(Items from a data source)
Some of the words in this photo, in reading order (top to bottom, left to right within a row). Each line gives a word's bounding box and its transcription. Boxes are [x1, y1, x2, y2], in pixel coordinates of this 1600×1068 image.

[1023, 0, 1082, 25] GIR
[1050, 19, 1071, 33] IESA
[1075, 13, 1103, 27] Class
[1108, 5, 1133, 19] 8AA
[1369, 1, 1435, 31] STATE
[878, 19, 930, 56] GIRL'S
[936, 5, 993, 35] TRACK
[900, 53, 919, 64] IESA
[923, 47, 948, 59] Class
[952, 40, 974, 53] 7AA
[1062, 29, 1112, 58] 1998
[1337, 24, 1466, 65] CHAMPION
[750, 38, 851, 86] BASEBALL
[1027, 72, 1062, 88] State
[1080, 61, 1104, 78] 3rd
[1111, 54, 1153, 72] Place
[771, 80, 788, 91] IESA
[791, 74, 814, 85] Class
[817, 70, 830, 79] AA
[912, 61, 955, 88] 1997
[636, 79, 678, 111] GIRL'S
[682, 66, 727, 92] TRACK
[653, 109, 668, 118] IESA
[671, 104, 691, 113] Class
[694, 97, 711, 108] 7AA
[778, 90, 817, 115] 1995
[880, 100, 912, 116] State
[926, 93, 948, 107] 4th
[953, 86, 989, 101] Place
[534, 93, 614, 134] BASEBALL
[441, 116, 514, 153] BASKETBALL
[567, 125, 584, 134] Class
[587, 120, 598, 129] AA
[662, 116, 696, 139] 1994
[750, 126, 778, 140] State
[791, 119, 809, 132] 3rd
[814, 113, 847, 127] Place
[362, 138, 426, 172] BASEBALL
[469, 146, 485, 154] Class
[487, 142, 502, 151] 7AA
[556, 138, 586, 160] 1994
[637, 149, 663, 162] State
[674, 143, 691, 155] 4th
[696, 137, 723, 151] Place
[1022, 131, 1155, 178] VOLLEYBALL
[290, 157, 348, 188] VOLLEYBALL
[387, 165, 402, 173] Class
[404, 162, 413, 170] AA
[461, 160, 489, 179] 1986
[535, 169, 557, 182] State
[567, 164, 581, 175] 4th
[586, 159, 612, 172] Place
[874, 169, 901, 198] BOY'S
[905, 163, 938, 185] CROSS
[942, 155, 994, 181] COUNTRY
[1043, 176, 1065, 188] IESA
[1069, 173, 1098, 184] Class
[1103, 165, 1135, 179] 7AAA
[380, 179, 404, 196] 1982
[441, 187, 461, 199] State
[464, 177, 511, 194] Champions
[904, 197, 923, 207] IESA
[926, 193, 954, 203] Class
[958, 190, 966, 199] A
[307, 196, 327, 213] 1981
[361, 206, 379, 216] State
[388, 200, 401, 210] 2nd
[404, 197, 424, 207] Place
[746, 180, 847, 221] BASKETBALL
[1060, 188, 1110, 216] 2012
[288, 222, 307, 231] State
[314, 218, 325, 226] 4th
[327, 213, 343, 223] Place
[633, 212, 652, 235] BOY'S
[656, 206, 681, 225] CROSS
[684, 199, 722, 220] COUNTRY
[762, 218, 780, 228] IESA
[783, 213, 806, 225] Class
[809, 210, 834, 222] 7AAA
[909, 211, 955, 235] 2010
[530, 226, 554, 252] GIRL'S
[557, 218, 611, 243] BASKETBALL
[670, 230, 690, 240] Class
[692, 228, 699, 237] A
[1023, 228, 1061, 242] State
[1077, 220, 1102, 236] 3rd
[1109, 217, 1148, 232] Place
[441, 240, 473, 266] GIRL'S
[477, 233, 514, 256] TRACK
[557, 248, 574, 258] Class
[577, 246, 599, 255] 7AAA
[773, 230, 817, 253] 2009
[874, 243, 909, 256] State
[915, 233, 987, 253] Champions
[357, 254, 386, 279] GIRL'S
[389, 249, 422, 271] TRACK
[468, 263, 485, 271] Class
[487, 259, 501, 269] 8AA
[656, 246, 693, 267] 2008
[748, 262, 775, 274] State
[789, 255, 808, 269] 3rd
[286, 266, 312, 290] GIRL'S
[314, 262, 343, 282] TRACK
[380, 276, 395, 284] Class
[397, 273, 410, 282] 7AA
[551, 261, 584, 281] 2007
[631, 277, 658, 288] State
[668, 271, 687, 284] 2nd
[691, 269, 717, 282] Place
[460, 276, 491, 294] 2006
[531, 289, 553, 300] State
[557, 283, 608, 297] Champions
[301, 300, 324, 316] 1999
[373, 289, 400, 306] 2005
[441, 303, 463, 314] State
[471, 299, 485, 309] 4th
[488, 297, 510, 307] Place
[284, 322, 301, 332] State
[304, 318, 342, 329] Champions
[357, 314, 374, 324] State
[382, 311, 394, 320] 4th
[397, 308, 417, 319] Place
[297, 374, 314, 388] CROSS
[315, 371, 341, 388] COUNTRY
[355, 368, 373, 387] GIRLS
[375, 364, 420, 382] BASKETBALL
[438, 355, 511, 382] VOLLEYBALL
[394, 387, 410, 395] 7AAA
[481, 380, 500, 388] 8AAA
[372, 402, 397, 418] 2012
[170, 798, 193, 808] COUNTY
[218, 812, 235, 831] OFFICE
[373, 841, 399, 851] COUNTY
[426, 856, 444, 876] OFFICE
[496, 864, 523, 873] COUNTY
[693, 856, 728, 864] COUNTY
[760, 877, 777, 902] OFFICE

§ Your task
Copy each record exactly, leaving nothing out.

§ Result for this task
Some of the words in this photo, in reading order (top to bottom, left to right within a row). Each line gives a word's bounding box and its transcription. Boxes are [x1, y1, x2, y2], in pixel coordinates of this 1600×1068 image.

[1023, 0, 1082, 25] GIR
[1050, 19, 1071, 33] IESA
[1075, 13, 1103, 27] Class
[1108, 5, 1133, 19] 8AA
[1369, 1, 1435, 31] STATE
[878, 19, 930, 56] GIRL'S
[936, 5, 993, 35] TRACK
[900, 53, 919, 64] IESA
[923, 47, 948, 59] Class
[952, 40, 974, 53] 7AA
[1062, 29, 1112, 58] 1998
[1337, 24, 1466, 65] CHAMPION
[750, 38, 851, 86] BASEBALL
[1027, 72, 1062, 88] State
[1080, 61, 1104, 78] 3rd
[1111, 54, 1153, 72] Place
[771, 80, 788, 91] IESA
[791, 74, 814, 85] Class
[817, 70, 830, 79] AA
[912, 61, 955, 88] 1997
[636, 79, 678, 111] GIRL'S
[682, 66, 727, 92] TRACK
[653, 109, 668, 118] IESA
[671, 104, 691, 113] Class
[694, 97, 711, 108] 7AA
[778, 90, 817, 115] 1995
[880, 100, 912, 116] State
[926, 93, 948, 107] 4th
[953, 86, 989, 101] Place
[534, 93, 614, 134] BASEBALL
[441, 116, 514, 153] BASKETBALL
[567, 125, 584, 134] Class
[587, 120, 598, 129] AA
[662, 116, 696, 139] 1994
[750, 126, 778, 140] State
[791, 119, 809, 132] 3rd
[814, 113, 847, 127] Place
[362, 138, 426, 172] BASEBALL
[469, 146, 485, 154] Class
[487, 142, 502, 151] 7AA
[556, 138, 586, 160] 1994
[637, 149, 663, 162] State
[674, 143, 691, 155] 4th
[696, 137, 723, 151] Place
[1022, 131, 1155, 178] VOLLEYBALL
[290, 157, 348, 188] VOLLEYBALL
[387, 165, 402, 173] Class
[404, 162, 413, 170] AA
[461, 160, 489, 179] 1986
[535, 169, 557, 182] State
[567, 164, 581, 175] 4th
[586, 159, 612, 172] Place
[874, 169, 901, 198] BOY'S
[905, 163, 938, 185] CROSS
[942, 155, 994, 181] COUNTRY
[1043, 176, 1065, 188] IESA
[1069, 173, 1098, 184] Class
[1103, 165, 1135, 179] 7AAA
[380, 179, 404, 196] 1982
[441, 187, 461, 199] State
[464, 177, 511, 194] Champions
[904, 197, 923, 207] IESA
[926, 193, 954, 203] Class
[958, 190, 966, 199] A
[307, 196, 327, 213] 1981
[361, 206, 379, 216] State
[388, 200, 401, 210] 2nd
[404, 197, 424, 207] Place
[746, 180, 847, 221] BASKETBALL
[1060, 188, 1110, 216] 2012
[288, 222, 307, 231] State
[314, 218, 325, 226] 4th
[327, 213, 343, 223] Place
[633, 212, 652, 235] BOY'S
[656, 206, 681, 225] CROSS
[684, 199, 722, 220] COUNTRY
[762, 218, 780, 228] IESA
[783, 213, 806, 225] Class
[809, 210, 834, 222] 7AAA
[909, 211, 955, 235] 2010
[530, 226, 554, 252] GIRL'S
[557, 218, 611, 243] BASKETBALL
[670, 230, 690, 240] Class
[692, 228, 699, 237] A
[1023, 228, 1061, 242] State
[1077, 220, 1102, 236] 3rd
[1109, 217, 1148, 232] Place
[441, 240, 473, 266] GIRL'S
[477, 233, 514, 256] TRACK
[557, 248, 574, 258] Class
[577, 246, 599, 255] 7AAA
[773, 230, 817, 253] 2009
[874, 243, 909, 256] State
[915, 233, 987, 253] Champions
[357, 254, 386, 279] GIRL'S
[389, 249, 422, 271] TRACK
[468, 263, 485, 271] Class
[487, 259, 501, 269] 8AA
[656, 246, 693, 267] 2008
[748, 262, 775, 274] State
[789, 255, 808, 269] 3rd
[286, 266, 312, 290] GIRL'S
[314, 262, 343, 282] TRACK
[380, 276, 395, 284] Class
[397, 273, 410, 282] 7AA
[551, 261, 584, 281] 2007
[631, 277, 658, 288] State
[668, 271, 687, 284] 2nd
[691, 269, 717, 282] Place
[460, 276, 491, 294] 2006
[531, 289, 553, 300] State
[557, 283, 608, 297] Champions
[301, 300, 324, 316] 1999
[373, 289, 400, 306] 2005
[441, 303, 463, 314] State
[471, 299, 485, 309] 4th
[488, 297, 510, 307] Place
[284, 322, 301, 332] State
[304, 318, 342, 329] Champions
[357, 314, 374, 324] State
[382, 311, 394, 320] 4th
[397, 308, 417, 319] Place
[297, 374, 314, 388] CROSS
[315, 371, 341, 388] COUNTRY
[355, 368, 373, 387] GIRLS
[375, 364, 420, 382] BASKETBALL
[438, 355, 511, 382] VOLLEYBALL
[394, 387, 410, 395] 7AAA
[481, 380, 500, 388] 8AAA
[372, 402, 397, 418] 2012
[170, 798, 193, 808] COUNTY
[218, 812, 235, 831] OFFICE
[373, 841, 399, 851] COUNTY
[426, 856, 444, 876] OFFICE
[496, 864, 523, 873] COUNTY
[693, 856, 728, 864] COUNTY
[760, 877, 777, 902] OFFICE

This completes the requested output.